*** Begin section ***

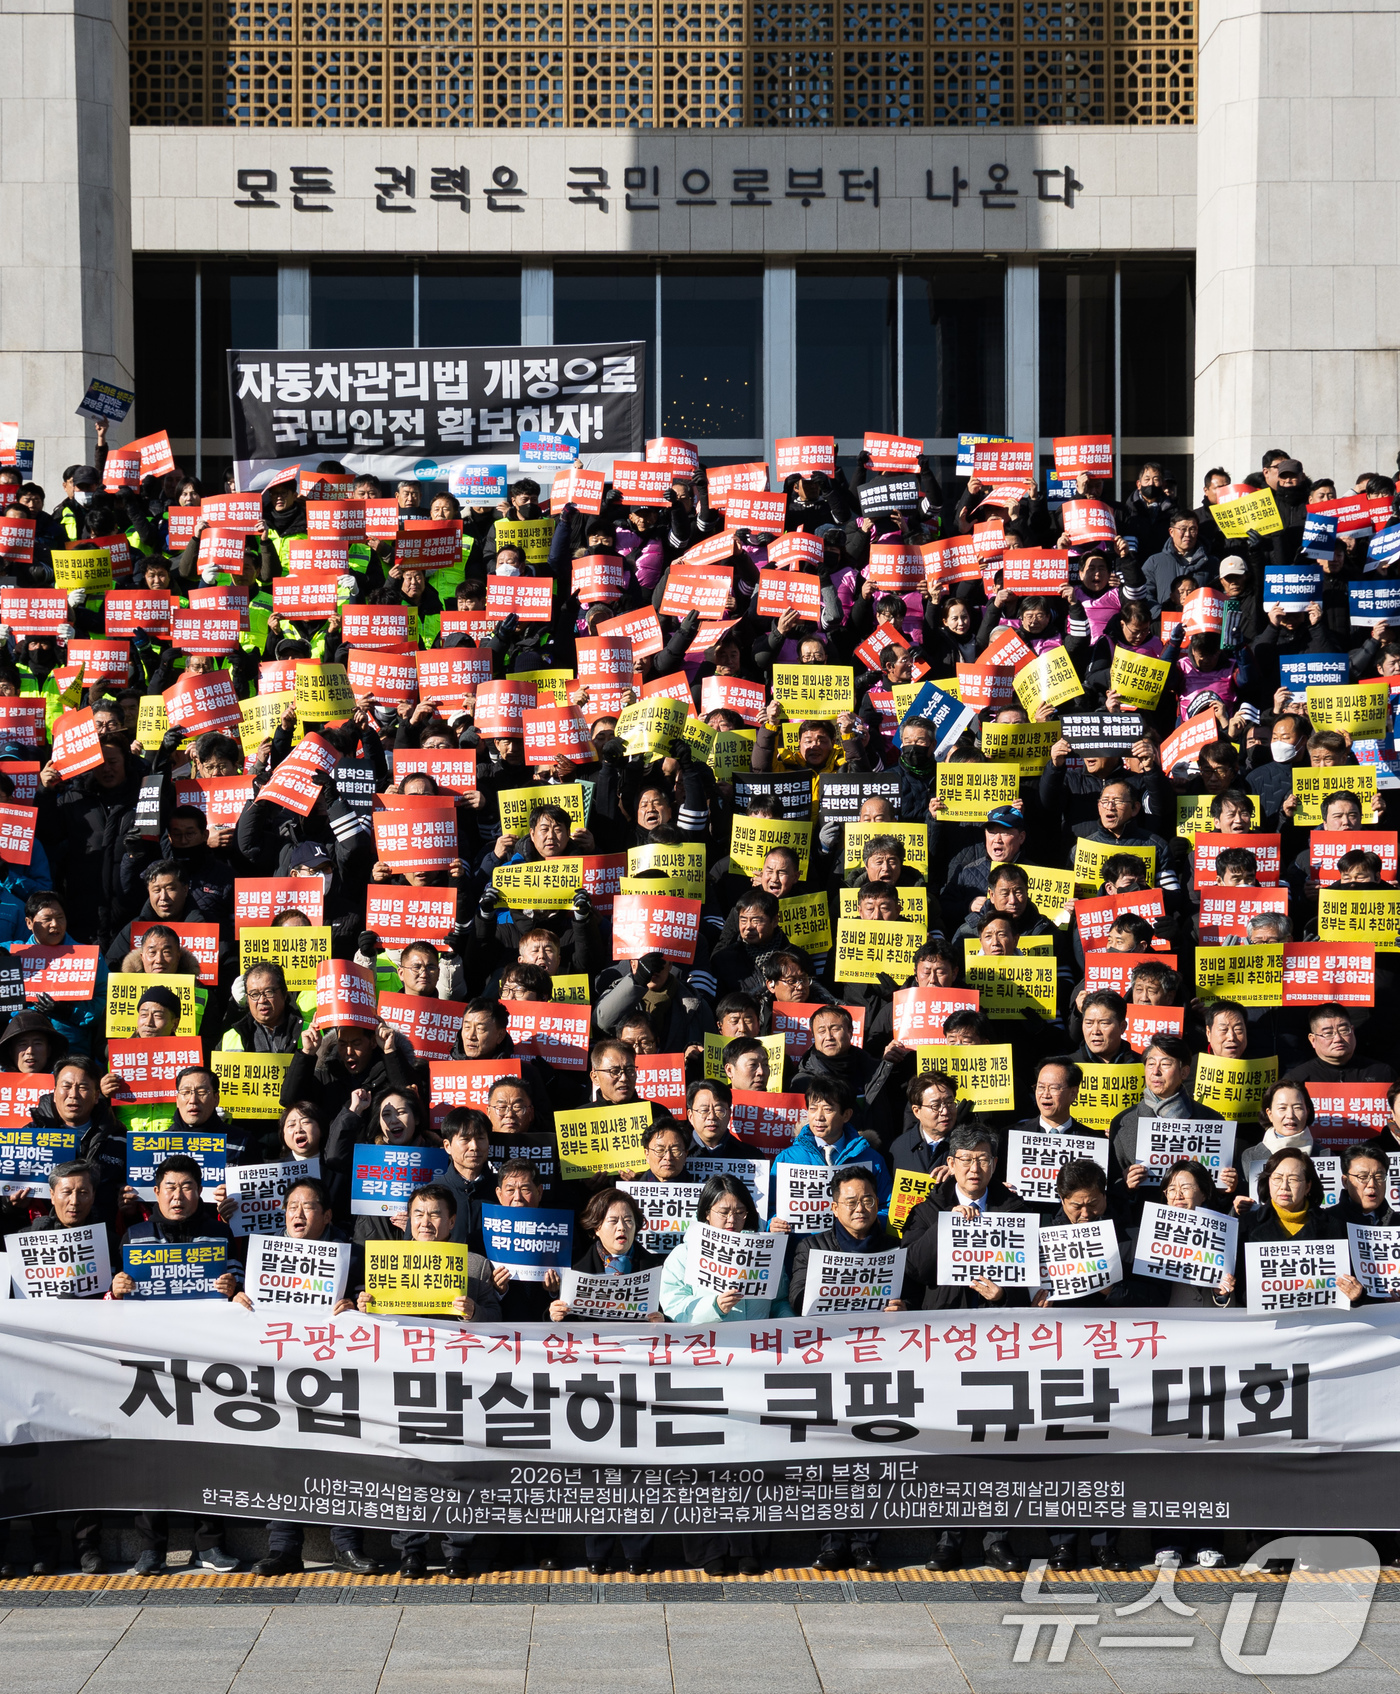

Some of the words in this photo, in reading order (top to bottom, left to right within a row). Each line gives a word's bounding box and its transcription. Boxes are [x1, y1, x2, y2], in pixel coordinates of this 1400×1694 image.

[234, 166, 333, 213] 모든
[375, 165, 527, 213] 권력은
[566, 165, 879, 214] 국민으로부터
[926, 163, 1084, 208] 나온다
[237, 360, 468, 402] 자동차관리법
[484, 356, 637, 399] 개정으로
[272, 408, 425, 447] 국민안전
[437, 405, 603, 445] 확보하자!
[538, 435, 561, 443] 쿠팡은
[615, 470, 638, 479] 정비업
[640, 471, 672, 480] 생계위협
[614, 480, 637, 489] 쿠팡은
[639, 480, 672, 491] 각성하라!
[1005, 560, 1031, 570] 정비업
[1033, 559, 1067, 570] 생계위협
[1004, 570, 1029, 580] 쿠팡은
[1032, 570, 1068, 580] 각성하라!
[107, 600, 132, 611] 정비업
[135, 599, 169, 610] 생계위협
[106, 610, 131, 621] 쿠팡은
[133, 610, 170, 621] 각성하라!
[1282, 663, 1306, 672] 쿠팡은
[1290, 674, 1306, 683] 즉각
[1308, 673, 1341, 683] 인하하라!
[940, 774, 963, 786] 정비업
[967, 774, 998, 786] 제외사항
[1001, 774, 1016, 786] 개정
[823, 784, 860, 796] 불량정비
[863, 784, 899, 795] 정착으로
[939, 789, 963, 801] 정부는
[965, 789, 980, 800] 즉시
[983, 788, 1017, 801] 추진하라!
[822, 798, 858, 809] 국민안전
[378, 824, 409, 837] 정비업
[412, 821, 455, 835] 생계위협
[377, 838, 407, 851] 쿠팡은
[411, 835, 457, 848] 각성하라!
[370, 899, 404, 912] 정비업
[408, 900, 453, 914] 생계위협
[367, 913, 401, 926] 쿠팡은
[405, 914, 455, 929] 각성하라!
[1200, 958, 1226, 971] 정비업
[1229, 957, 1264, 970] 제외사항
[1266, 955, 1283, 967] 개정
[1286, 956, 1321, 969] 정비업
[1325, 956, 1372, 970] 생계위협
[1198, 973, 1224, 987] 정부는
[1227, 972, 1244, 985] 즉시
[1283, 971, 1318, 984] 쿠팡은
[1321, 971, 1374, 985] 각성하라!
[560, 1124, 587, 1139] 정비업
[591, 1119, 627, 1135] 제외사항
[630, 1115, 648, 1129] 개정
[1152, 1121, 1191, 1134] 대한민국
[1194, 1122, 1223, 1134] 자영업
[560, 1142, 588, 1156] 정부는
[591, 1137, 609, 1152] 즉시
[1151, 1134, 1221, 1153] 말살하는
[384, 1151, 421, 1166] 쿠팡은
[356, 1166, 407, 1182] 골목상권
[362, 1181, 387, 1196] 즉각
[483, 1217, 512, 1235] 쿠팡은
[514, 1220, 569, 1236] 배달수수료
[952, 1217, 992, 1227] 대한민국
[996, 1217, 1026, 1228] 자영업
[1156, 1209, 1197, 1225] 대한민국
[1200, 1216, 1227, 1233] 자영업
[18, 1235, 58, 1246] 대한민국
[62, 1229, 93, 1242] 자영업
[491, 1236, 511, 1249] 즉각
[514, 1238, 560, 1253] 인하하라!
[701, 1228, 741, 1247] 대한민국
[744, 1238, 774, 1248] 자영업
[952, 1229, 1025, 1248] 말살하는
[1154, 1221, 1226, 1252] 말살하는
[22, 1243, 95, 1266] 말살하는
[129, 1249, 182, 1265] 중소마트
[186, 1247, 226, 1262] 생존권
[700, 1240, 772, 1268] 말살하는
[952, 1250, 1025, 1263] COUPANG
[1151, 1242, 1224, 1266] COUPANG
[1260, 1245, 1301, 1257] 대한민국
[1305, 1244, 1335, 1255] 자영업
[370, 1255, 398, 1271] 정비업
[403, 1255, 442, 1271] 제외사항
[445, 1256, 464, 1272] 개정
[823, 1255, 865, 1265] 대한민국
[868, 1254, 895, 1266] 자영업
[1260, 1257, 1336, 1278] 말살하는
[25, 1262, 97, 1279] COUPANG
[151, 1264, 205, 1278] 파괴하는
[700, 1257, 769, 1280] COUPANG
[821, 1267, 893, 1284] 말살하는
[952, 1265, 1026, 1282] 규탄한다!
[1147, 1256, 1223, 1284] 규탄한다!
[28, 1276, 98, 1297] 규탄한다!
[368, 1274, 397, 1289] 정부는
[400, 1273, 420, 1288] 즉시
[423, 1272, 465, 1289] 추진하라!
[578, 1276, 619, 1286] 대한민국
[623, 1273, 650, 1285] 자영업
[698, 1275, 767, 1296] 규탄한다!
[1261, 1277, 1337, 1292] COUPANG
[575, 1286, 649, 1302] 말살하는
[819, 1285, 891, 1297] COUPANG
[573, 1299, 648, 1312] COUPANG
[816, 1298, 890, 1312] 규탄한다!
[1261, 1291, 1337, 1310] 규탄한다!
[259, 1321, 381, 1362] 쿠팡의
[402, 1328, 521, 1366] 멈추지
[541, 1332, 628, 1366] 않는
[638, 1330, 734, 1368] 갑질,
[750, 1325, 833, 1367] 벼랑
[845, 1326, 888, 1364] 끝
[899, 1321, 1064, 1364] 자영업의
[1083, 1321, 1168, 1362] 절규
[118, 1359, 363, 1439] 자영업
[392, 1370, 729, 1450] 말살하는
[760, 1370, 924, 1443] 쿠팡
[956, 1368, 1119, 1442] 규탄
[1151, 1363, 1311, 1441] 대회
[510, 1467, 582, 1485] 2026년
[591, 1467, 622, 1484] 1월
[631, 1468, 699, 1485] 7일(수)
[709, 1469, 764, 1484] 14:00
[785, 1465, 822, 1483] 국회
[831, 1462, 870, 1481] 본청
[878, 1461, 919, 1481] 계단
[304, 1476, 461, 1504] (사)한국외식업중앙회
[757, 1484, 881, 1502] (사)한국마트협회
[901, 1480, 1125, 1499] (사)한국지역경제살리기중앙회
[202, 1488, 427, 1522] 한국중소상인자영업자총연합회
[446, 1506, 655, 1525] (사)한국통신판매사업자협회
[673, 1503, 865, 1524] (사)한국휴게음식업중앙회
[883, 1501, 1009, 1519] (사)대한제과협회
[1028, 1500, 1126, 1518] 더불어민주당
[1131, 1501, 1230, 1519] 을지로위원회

*** End section ***

Find "규탄한다" in the data above. Report each line where it appears.

:: Output below ::
[952, 1265, 1026, 1282] 규탄한다!
[1147, 1256, 1223, 1284] 규탄한다!
[28, 1276, 98, 1297] 규탄한다!
[698, 1275, 767, 1296] 규탄한다!
[816, 1298, 890, 1312] 규탄한다!
[1261, 1291, 1337, 1310] 규탄한다!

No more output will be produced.